BEGIN Data for the task

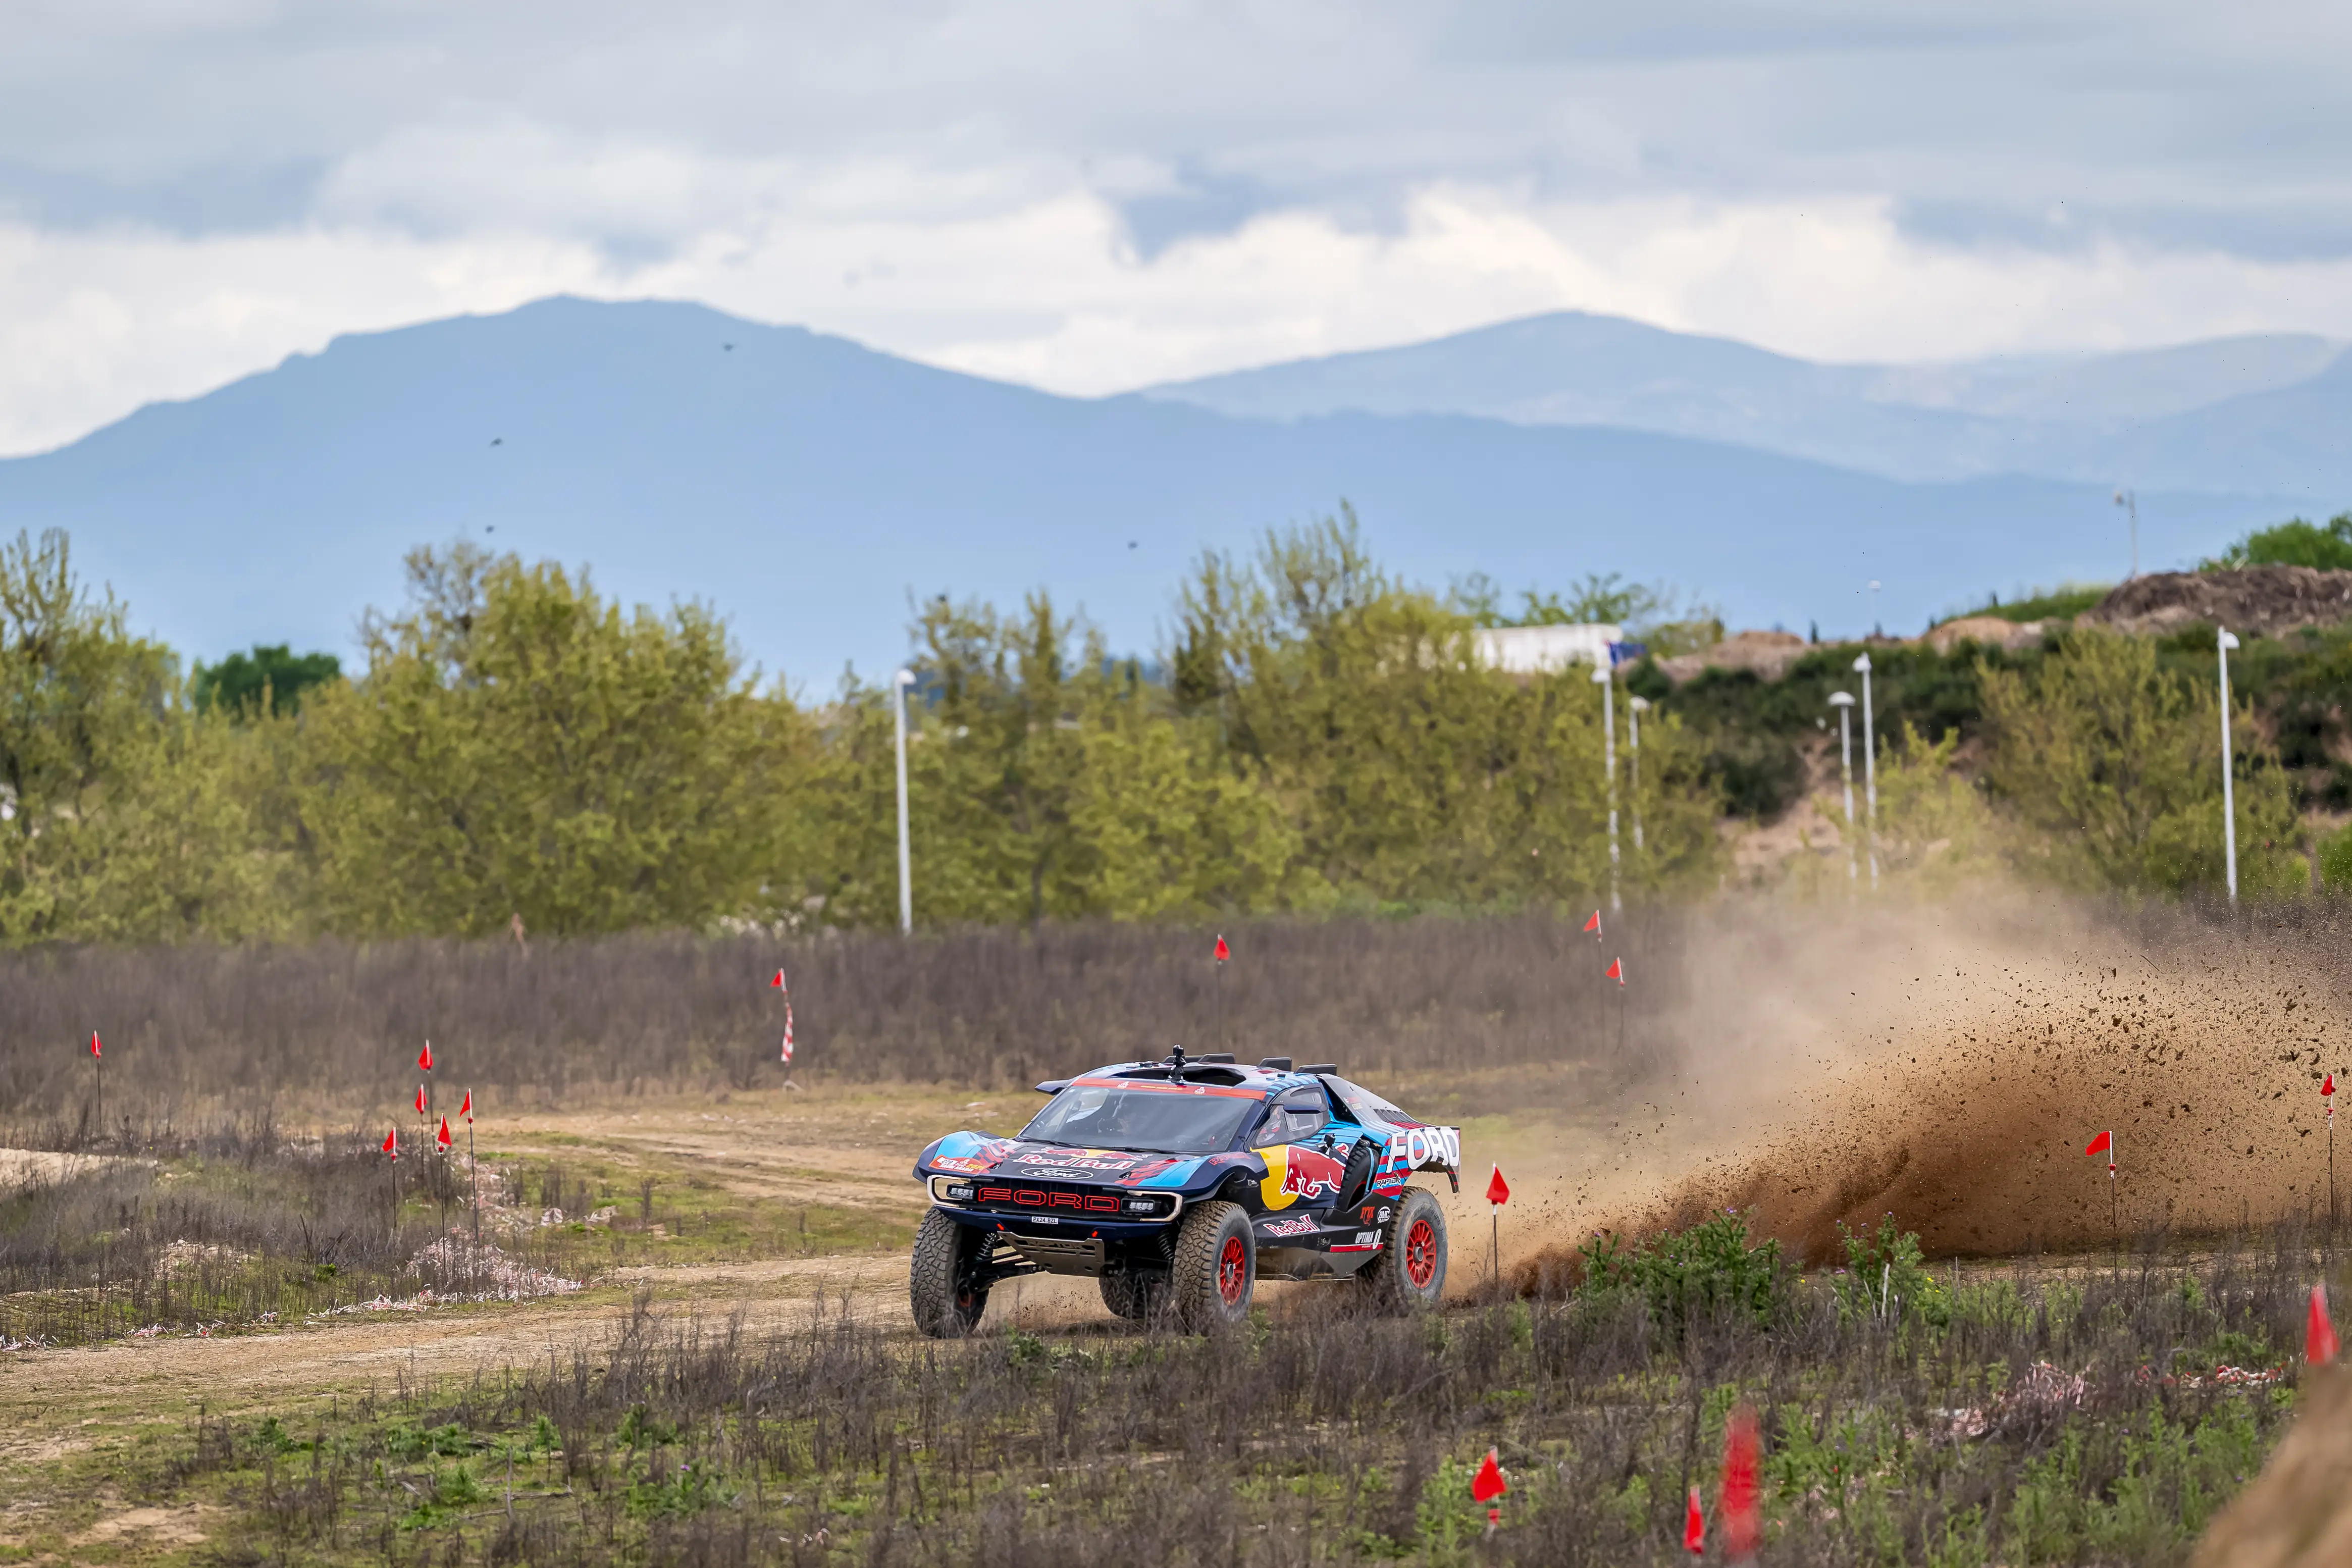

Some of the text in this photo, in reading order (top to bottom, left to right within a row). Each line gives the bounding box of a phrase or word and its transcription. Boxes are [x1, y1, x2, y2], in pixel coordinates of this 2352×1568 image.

[1386, 1127, 1460, 1173] FORD
[1014, 1154, 1136, 1170] Red Bull
[1033, 1168, 1081, 1178] Ford
[1377, 1175, 1401, 1189] RAPTOR
[978, 1188, 1119, 1212] FORD
[1360, 1206, 1375, 1220] FOX
[1379, 1210, 1390, 1219] BMC
[1263, 1214, 1321, 1237] Red Bull
[1355, 1232, 1373, 1243] OPTIMA
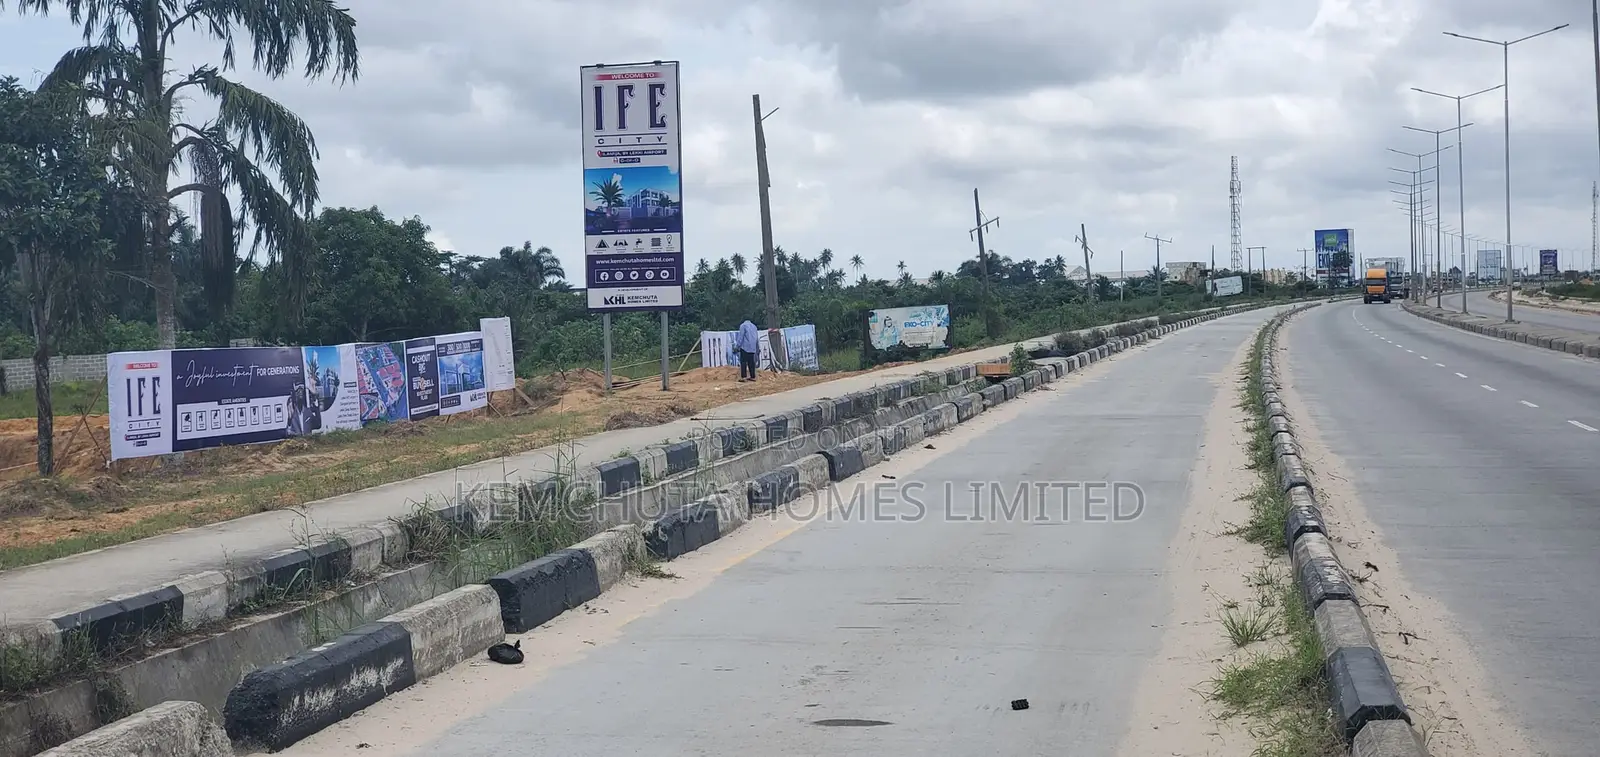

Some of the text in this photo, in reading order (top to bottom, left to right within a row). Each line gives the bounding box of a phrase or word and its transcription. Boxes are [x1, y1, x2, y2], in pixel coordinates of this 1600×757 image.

[594, 83, 666, 131] IFE
[597, 136, 663, 145] CITY
[595, 256, 675, 265] www.kemchutahomesltd.com
[411, 353, 431, 364] CASHOUT
[215, 363, 259, 387] investment
[256, 367, 267, 377] FOR
[267, 365, 300, 376] GENERATIONS
[126, 376, 161, 417] IFE
[128, 421, 160, 429] CITY

END Data for the task

**Problem requirements:** Each entry is to be returned precisely as it appears, but the pictures are to be dropped.

**Your solution:**
Some of the text in this photo, in reading order (top to bottom, left to right within a row). Each line gives the bounding box of a phrase or word and its transcription. Boxes are [x1, y1, x2, y2], in pixel coordinates of this 2352×1568 image.

[1386, 1127, 1460, 1173] FORD
[1014, 1154, 1136, 1170] Red Bull
[1033, 1168, 1081, 1178] Ford
[1377, 1175, 1401, 1189] RAPTOR
[978, 1188, 1119, 1212] FORD
[1360, 1206, 1375, 1220] FOX
[1379, 1210, 1390, 1219] BMC
[1263, 1214, 1321, 1237] Red Bull
[1355, 1232, 1373, 1243] OPTIMA

Some of the text in this photo, in reading order (top to bottom, left to right within a row). Each line gives the bounding box of a phrase or word and its transcription. Boxes are [x1, y1, x2, y2], in pixel coordinates of this 1600×757 image.

[594, 83, 666, 131] IFE
[597, 136, 663, 145] CITY
[595, 256, 675, 265] www.kemchutahomesltd.com
[411, 353, 431, 364] CASHOUT
[215, 363, 259, 387] investment
[256, 367, 267, 377] FOR
[267, 365, 300, 376] GENERATIONS
[126, 376, 161, 417] IFE
[128, 421, 160, 429] CITY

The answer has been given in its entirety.